Au milieu du jardin P 90 Sei Liriche,prima serie |
庭の真ん中に 6つの抒情歌 第1集 |
Au milieu du jardin la fleur que je désire s' entr' ouvre en ce moment, et la brise tout bas sous les tilleuls soupire dans un frissonnement. Errant entre ses bords,sur le gravier encore l' eau brillante bruit, mais le rayon du jour,hélas!
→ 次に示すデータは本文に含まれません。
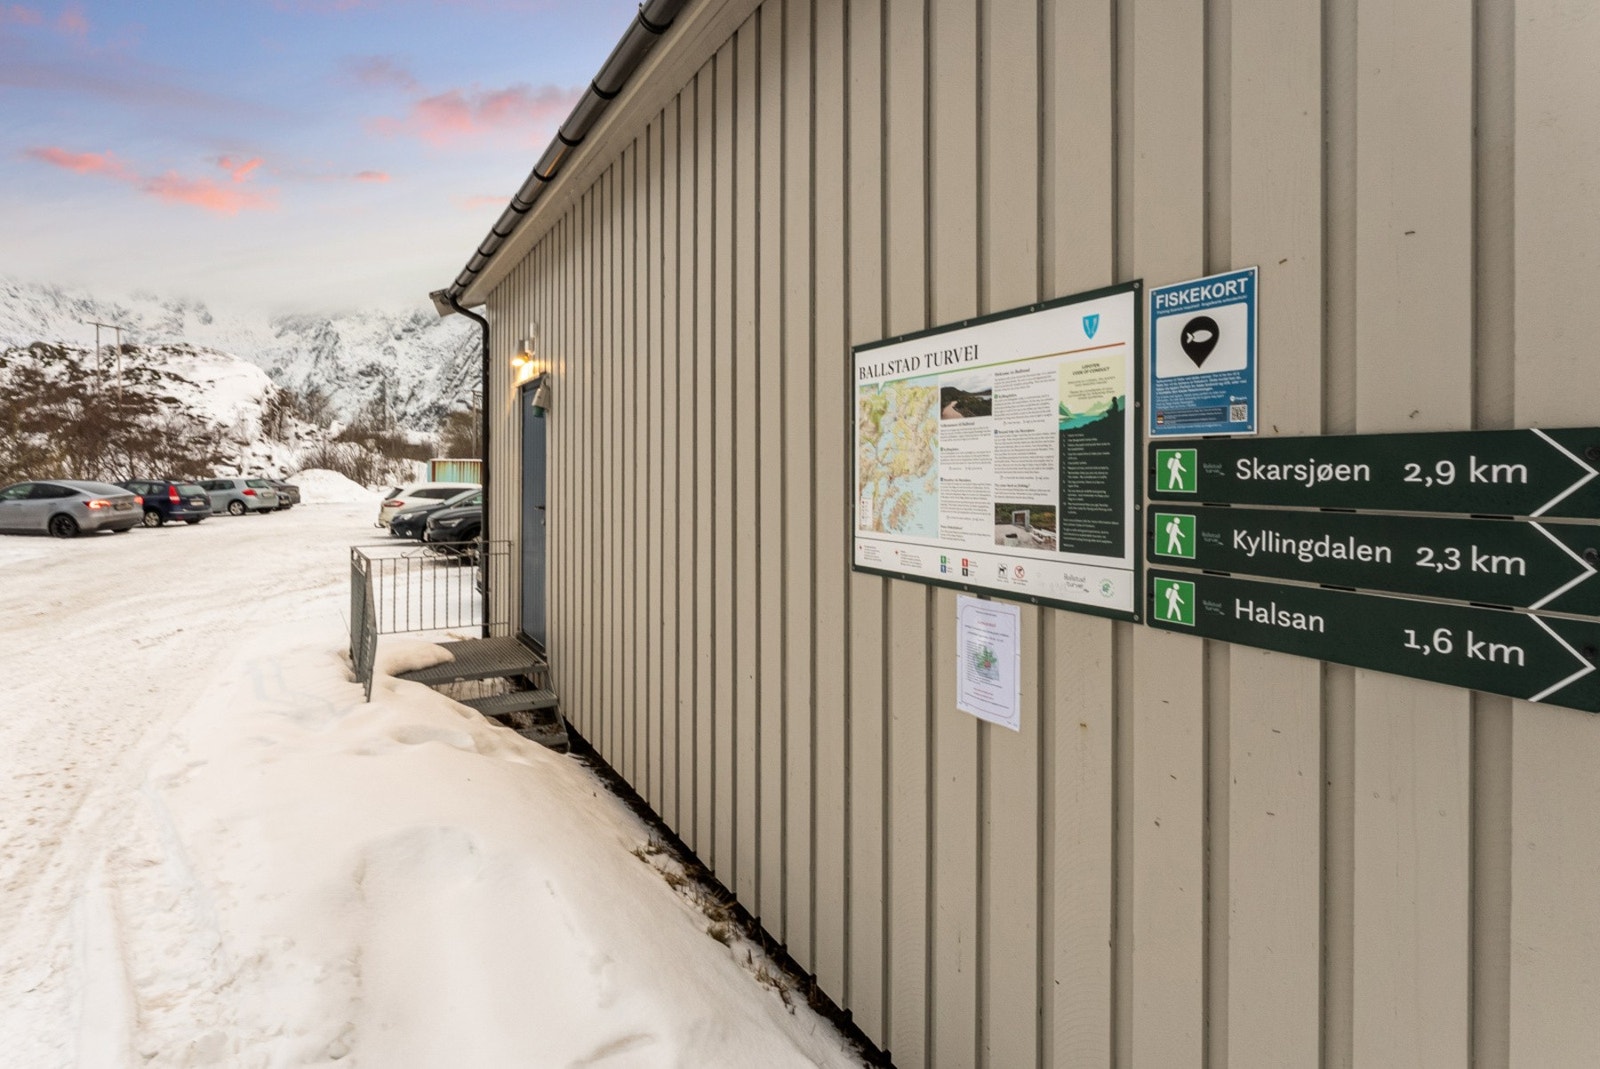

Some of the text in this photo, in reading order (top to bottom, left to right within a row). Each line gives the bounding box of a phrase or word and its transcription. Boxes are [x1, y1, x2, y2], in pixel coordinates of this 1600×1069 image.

Qui s' évapore va céder à la nuit. |
庭の真ん中に 私の待ち望んでいた花が 今この時 開こうとしている そしてそよ風は穏やかに リンデの木々の下でため息をつき 震えている ふたつの岸辺の間を 砂利の上をさまよい 水が明るい音を立てている だが昼間の輝きは ああ!消え去って行く 夜に屈するのだ |
イタリアの近代作曲家は言葉の親和性からか、けっこうフランス語の詩にメロディをつけることがありますが、こうしてひとつの歌曲集にイタリア語とフランス語の曲が入り混じるというのは珍しいかも知れません。このジャン・モレアスというのはペンネームで、本名はIoannes Papadiamantopoulos、ギリシャの人ですね。彼の詩にはプーランクやアーンが結構な数の曲をつけています。これも印象派風のなんとも美しいメロディの素敵な曲になりました。